Thereafter, on June 18, 1951, United submitted "Exhibit A revised" setting out the method of calculation of said adjustment and the amount due thereunder. It then explained at length that "while the monetary results are the same * * *, the method of calculation of the `Rolled In' price has been changed to give effect to the net gas received for the benefit of" Mississippi; that at the hearing to obtain the necessary certificate for "the looping of the line * * * to supply the additional requirements of Mississippi * * * United's testimony was all directed" to the idea "that the additional gas would come from the Carthage Field" as "surplus gas * * * at an original price of 7.5 cents per Mcf for the first five year period"; that United had made every effort to obtain the surplus gas in the Carthage Field, but "various developments influenced" its decision "to temporarily abandon" these efforts. It described those developments as (1) considerable quantities of gas became available from Texas Eastern at the same price of 7½¢ per Mcf (the source not stated) as surplus gas from other producers; (2) producers insisted United obligate itself to take the full amount of their (producers') allowable less the quantity being taken by other pipe line companies, "a condition under which United could not operate"; and (3) it became apparent that Texas Eastern would have surplus gas during the summer months of 1950. United added that rather than cause hardship to domestic consumers in St. Louis, it made an exchange agreement with Texas Eastern on April 24, 1950 (Rate Schedule No. 109) by which the latter agreed to deliver to United gas in its Carthage-Sterlington line at Castor, Louisiana; and that Texas Eastern charged United for all gas so delivered at the rate of 7½ cents per Mcf by deducting said amount from the bill for deliveries by United to Texas Eastern at Longview for the same rate under a contract between the parties dated June 20, 1947. It further explained that the gas so purchased or exchanged with Texas Eastern at 7½¢ per Mcf had been "rolled in" with the 5¢ price in the same manner as was done to obtain the 6.5¢ commodity charge provided in Supplement No. 15. It therefore requested that the Commission reconsider its decision and render its findings in favor of United's position. In the same communication United further admitted:
"The entries on United books as far as the adjustment to the Mississippi River Fuel account are concerned show an amount of $1,033,184.75 as compared to the more realistic figure presented on the attached tabulation of $688,789.81. It has always been the policy of the Company in such matters as this and other items such as tax matters to set up correctly the maximum possible obligation it may be faced with, this being no more than a prudent method of operating."

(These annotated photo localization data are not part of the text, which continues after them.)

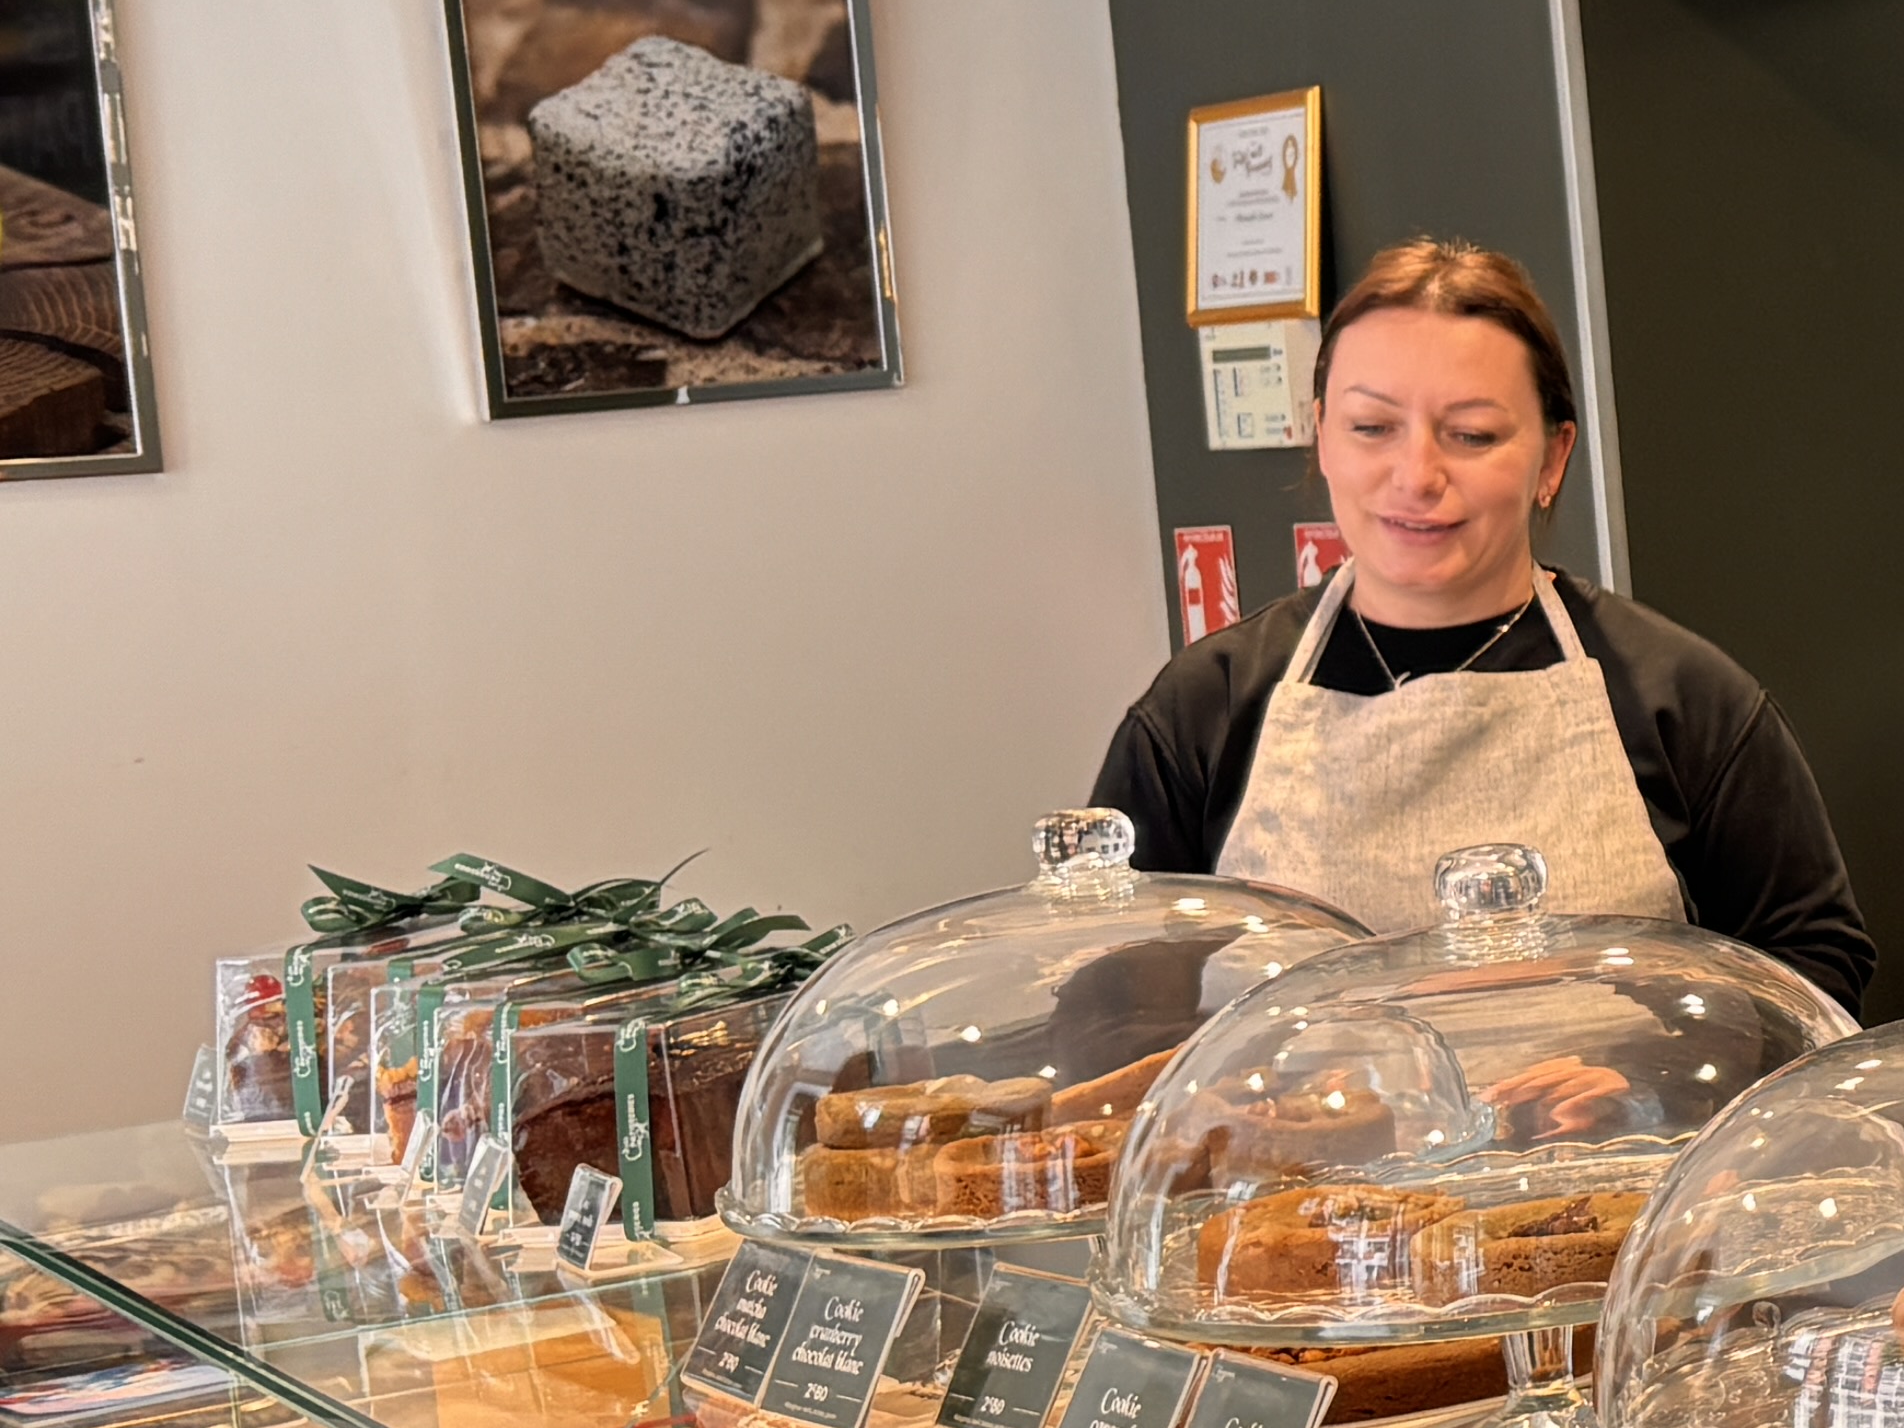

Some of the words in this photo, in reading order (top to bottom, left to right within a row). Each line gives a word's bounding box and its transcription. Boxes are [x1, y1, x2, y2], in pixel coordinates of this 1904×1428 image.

[745, 1269, 778, 1297] Cookie
[824, 1296, 864, 1323] Cookie
[998, 1320, 1041, 1348] Cookie
[791, 1341, 835, 1369] chocolat
[834, 1350, 864, 1375] blanc
[1100, 1387, 1142, 1419] Cookie
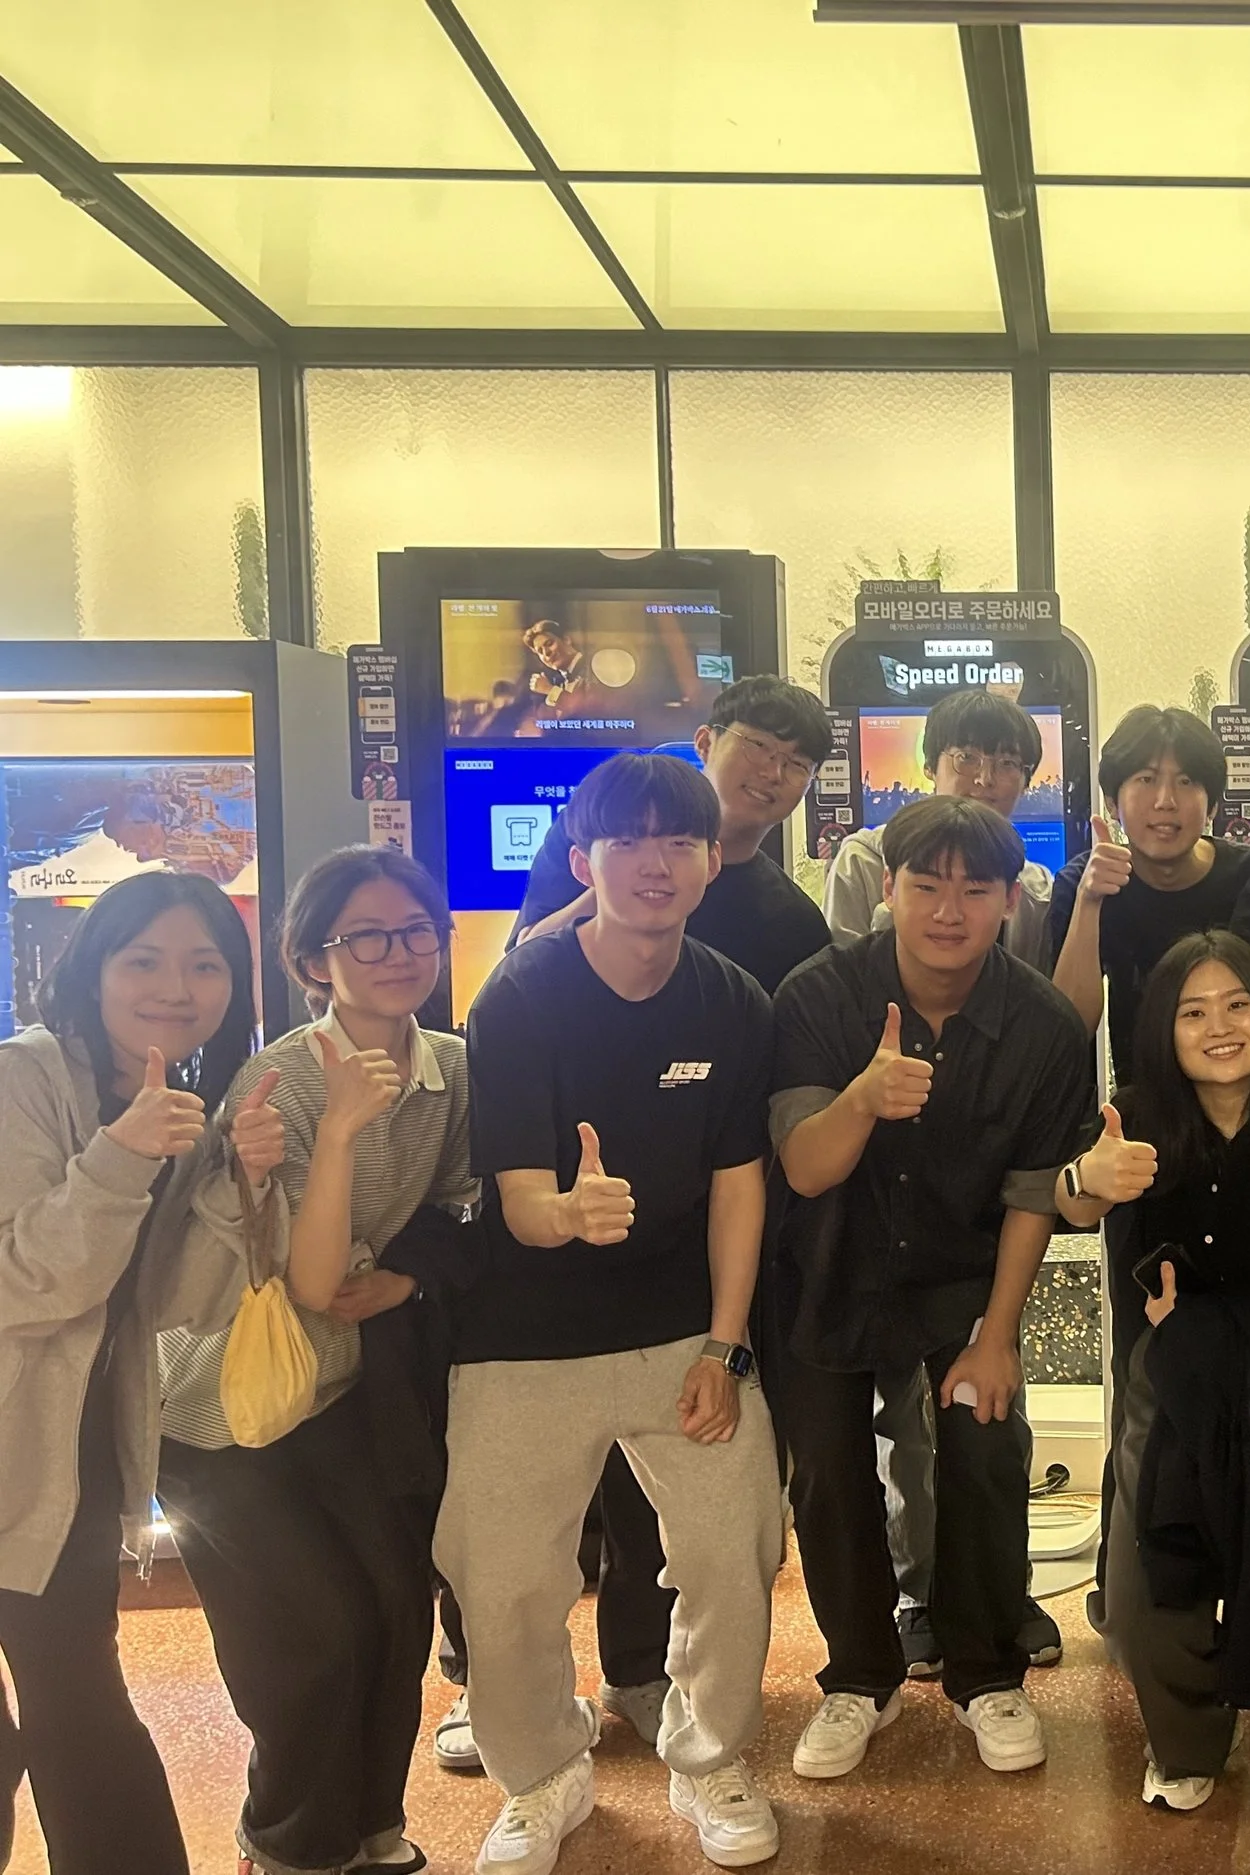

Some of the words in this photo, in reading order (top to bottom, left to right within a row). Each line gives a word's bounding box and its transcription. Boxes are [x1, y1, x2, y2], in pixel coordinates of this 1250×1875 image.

[863, 601, 964, 620] 모바일오더로
[969, 600, 1052, 620] 주문하세요
[926, 643, 991, 654] MEGABOX
[895, 663, 959, 689] Speed
[965, 662, 1023, 684] Order
[534, 785, 567, 798] 무엇을
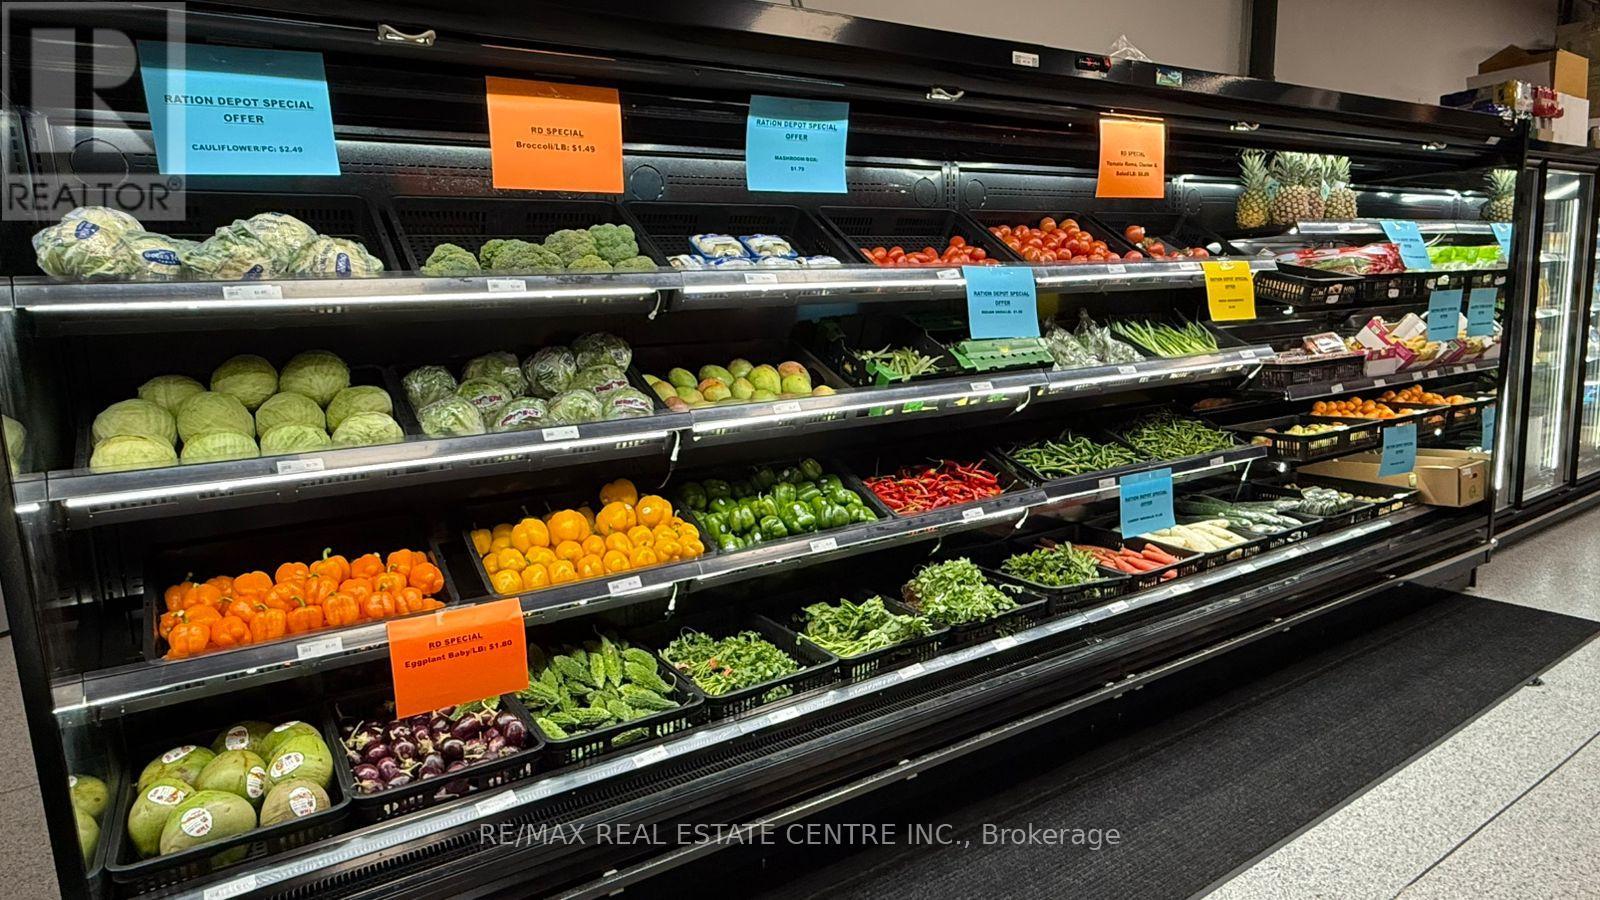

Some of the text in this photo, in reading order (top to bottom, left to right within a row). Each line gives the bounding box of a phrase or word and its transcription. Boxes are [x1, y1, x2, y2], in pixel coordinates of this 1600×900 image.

This was followed by certain arguments as to why it was entitled to equitable relief, including the assertion that "Mississippi * * * has said that it does not want this refund for the very simple reason that it will make United an unwilling supplier." It closed with the statement that the rate charged Mississippi for the gas was 6.5¢ per Mcf.
On July 12, 1951, this revised proposal was likewise turned down by the Commission for the same reasons as the first, that is, it was "inconsistent with the aforesaid Supplement" requiring the additional gas be purchased in the Carthage Field and could not be supplied at that rate for gas exchanged with Texas Eastern, but that the settlement should be on the same basis as that of February 28, 1950.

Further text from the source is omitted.